Ohio bioscience and healthcare economic impact
near $150 billion
More than 800 bioscience-related entities counted in the state
Released last December, the 2007 Ohio Bioscience Growth Report indicates the growing importance of bioscience to the state’s economy.
BioOhio’s comprehensive definition of the bioscience industry includes three integrated sectors: commercial bioscience entities, hospitals and healthcare providers, and medical colleges. The commercial bioscience sector alone accounted for a $27.3 billion overall economic impact and 48,485 direct jobs in 2006. When indirect and induced jobs are factored, the commercial bioscience employment figure jumps to 128,206.
In 2006, the overall economic impact of Ohio-based bioscience was $146 billion, representing 17.6% of Ohio’s total economic output. Bioscience also directly and indirectly sustained 1.2 million jobs in Ohio in 2006. BioOhio teamed with consulting firm Tripp Umbach and employed the IMPLAN input-output model to estimate the impact of bioscience economic events in the state of Ohio.
Cleveland, Cincinnati, and Columbus anchor the three Ohio regions that collectively accounted for 89 percent of the state’s commercial bioscience industry economic impact and 90 percent of the state’s commercial bioscience employment impact in 2006. In northeast Ohio, commercial bioscience was responsible for an $8.6 billion overall economic impact and 39,247 total jobs (direct, indirect, and induced). The commercial bioscience sector in southwest Ohio boasted an $8.3 billion economic impact and 36,700 total jobs. In Central Ohio, commercial bioscience had an economic impact of $6.5 billion and contributed 30,152 total jobs.
Analysis of commercial bioscience industry segments revealed medical device and equipment manufacturers as the top employers (12,392), while agricultural biotechnology contributed the largest direct economic impact ($6.1 billion) in 2006.
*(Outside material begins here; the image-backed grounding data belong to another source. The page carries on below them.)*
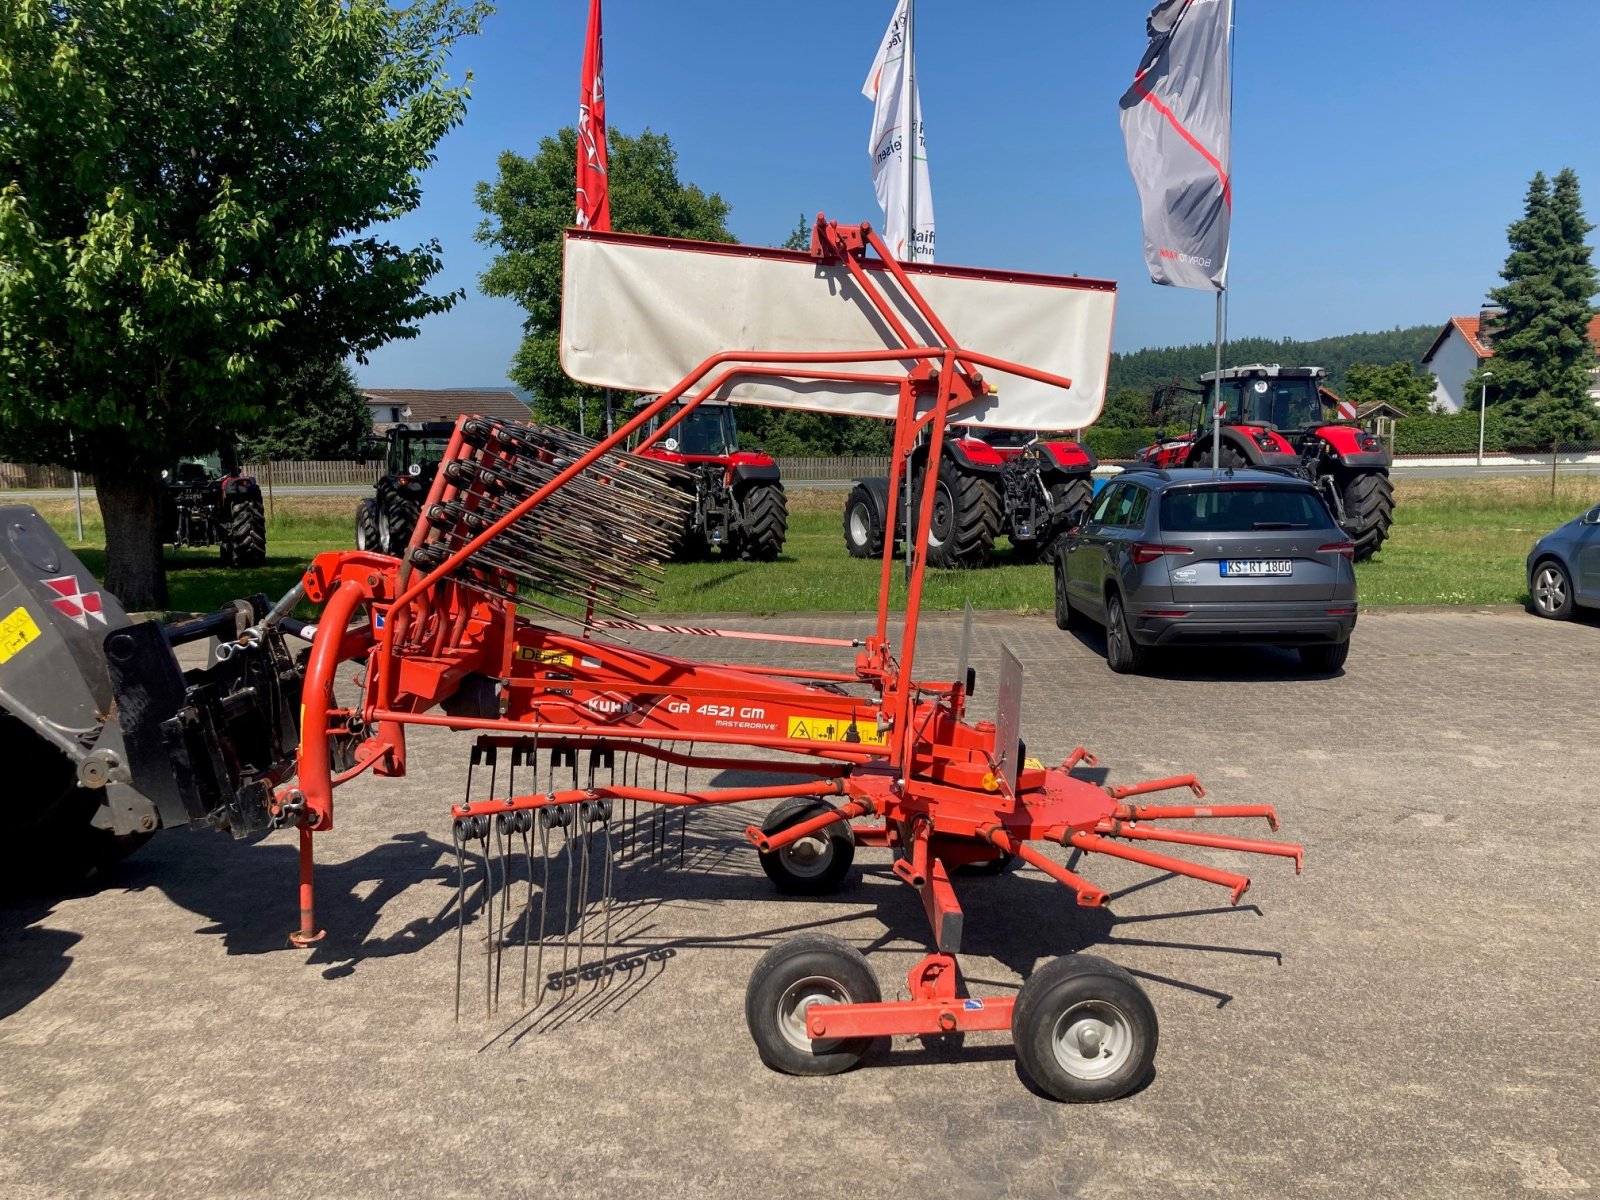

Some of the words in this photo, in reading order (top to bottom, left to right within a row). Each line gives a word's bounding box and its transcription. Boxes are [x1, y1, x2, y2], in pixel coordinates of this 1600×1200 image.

[1228, 561, 1242, 573] KS
[1249, 561, 1263, 573] RT
[1266, 561, 1291, 573] 1800
[588, 700, 633, 713] KUHN
[668, 702, 690, 714] GA
[696, 704, 735, 718] 4521
[740, 707, 765, 720] GM
Bioscience, medical technology, and research organizations continue to thrive in Ohio. In 2006, 818 bioscience-related entities were operating in the state, a 6% increase since 2005. Bioscience-related entities include those involved in research, development, and marketing of pharmaceuticals, diagnostics, bioinformatics, medical devices, medical equipment, biotechnology products, and health-related products.
The distribution of Ohio’s 818 bioscience organizations remains consistent with previous years. Northeast Ohio continues its strong performance, as more than half (425) of the bioscience entities are located in the metropolitan Cleveland area, Akron, or Canton. Southwest Ohio, anchored by metropolitan Cincinnati and Dayton, is home to about one-quarter (195) of the bioscience-related entities, followed closely by Columbus and central Ohio (146).
From 2004 to 2006, an average of 58 new companies began operation in Ohio each year. In 2006, Ohio welcomed 47 new bioscience organizations by way of new company launches or companies establishing their first facility in the state, including Activaero America (Columbus), Bexion Pharmaceuticals (Cincinnati), and Telerad Express (Beachwood).
Funding for research, company formation, and company expansion also continued to rise in Ohio. Overall, more than $1.3 billion were invested across Ohio to accelerate Ohio’s bioscience growth in 2006, an increase of nearly $100 million (8%) as compared to 2005.
The sources of funding include venture capital, angel funds, IPOs, SBIR/STTR, state biomedical grants, and National Science Foundation and National Institutes of Health grants. The largest portion of this funding came from NIH ($721 million), which constitutes 60% of total investment.